Weakened and infected after 50 days, Shem was moved through the tunnels, two hours of walking, 60 meters underground, escorted by two armed guards. She was placed in a small, dark cage, only two by two meters, so low she couldn't stand upright. There, for the first time, she was not alone, meeting five other young women, each with her own brutal story.

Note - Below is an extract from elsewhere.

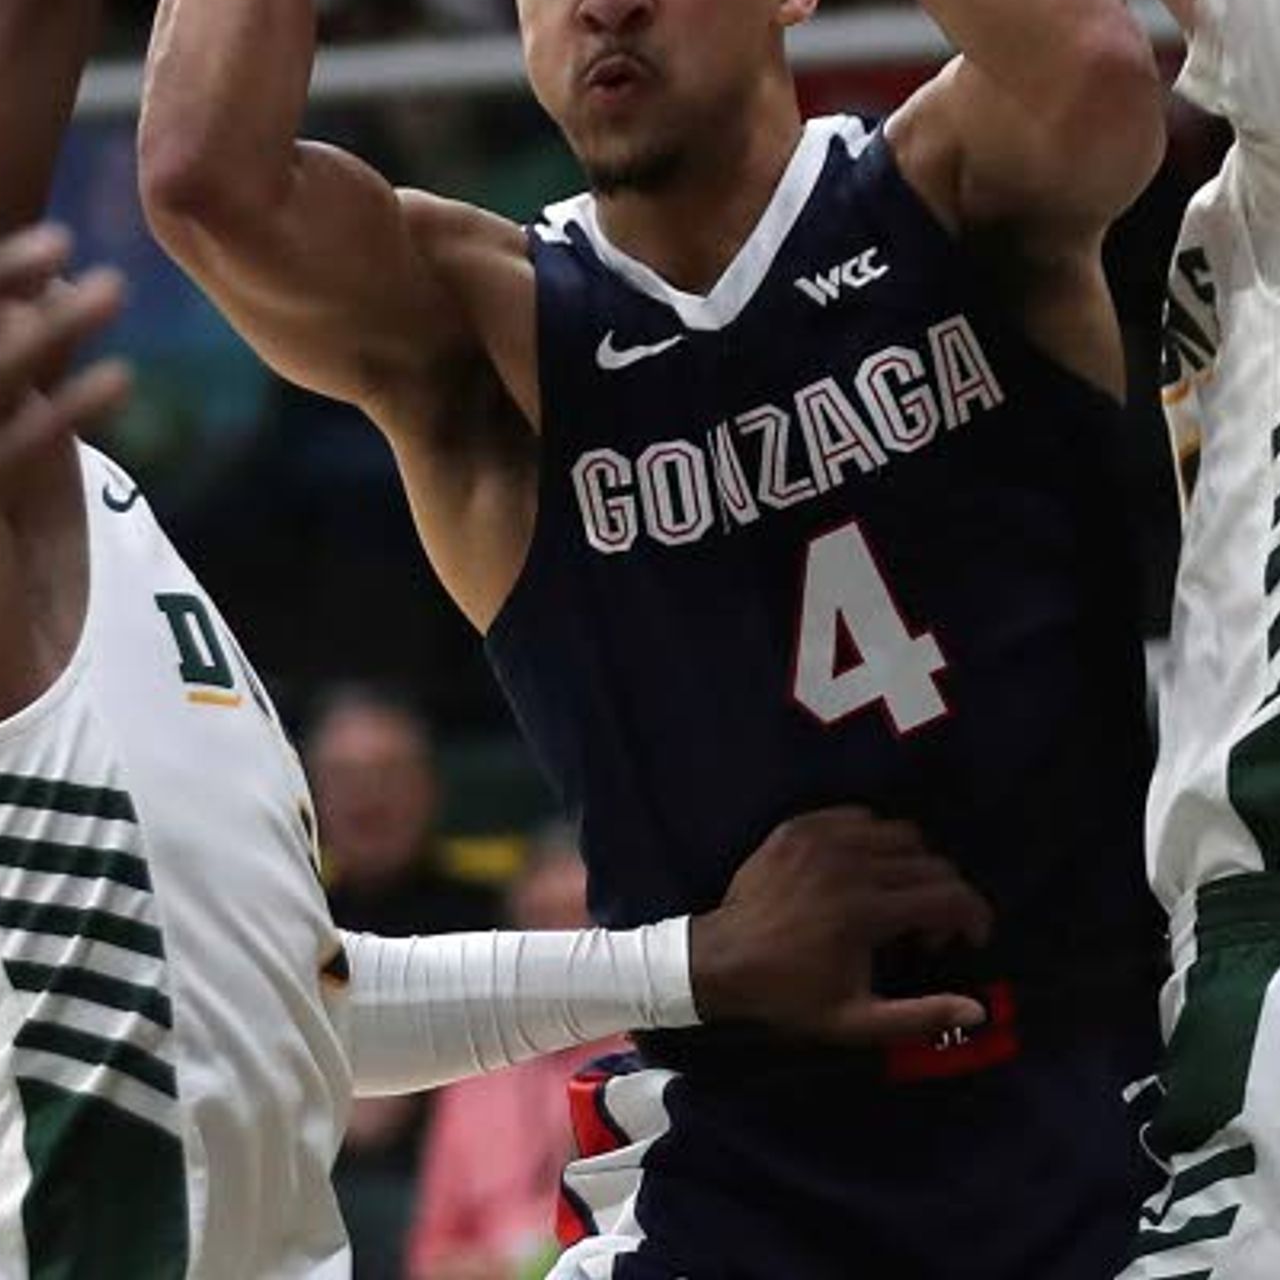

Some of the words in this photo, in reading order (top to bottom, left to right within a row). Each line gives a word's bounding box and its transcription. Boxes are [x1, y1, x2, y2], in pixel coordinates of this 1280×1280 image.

[793, 245, 891, 307] WCC
[570, 313, 1007, 556] GONZAGA
[790, 517, 958, 741] 4

During the five days they spent together in the dense darkness, guarded by rotating terrorists, Shem tried to encourage the other captives. One day, she whispered a plan: "Let’s hold hands and sing 'Shir LaMa’alot'." She explained the hymn was the song that sustained her when she was alone and reminded her of Friday night dinners at her grandmother's house. In the stuffy air of the dark circle, they sang the song together.

Two years later, Mia Shem is no longer the innocent girl of that night, but a strong woman with a story to tell. "My innocence remained in the fields of blood, and my heart remains captive in Gaza," she writes, alongside the 48 hostages, both living and deceased. She vows not to rest until they all return from the hellish depths of captivity. "I want the whole world to hear that they can take our physical freedom, but not the freedom to believe and imagine hope." She ends with a fervent prayer that the returning autumn winds will bring all the captives home.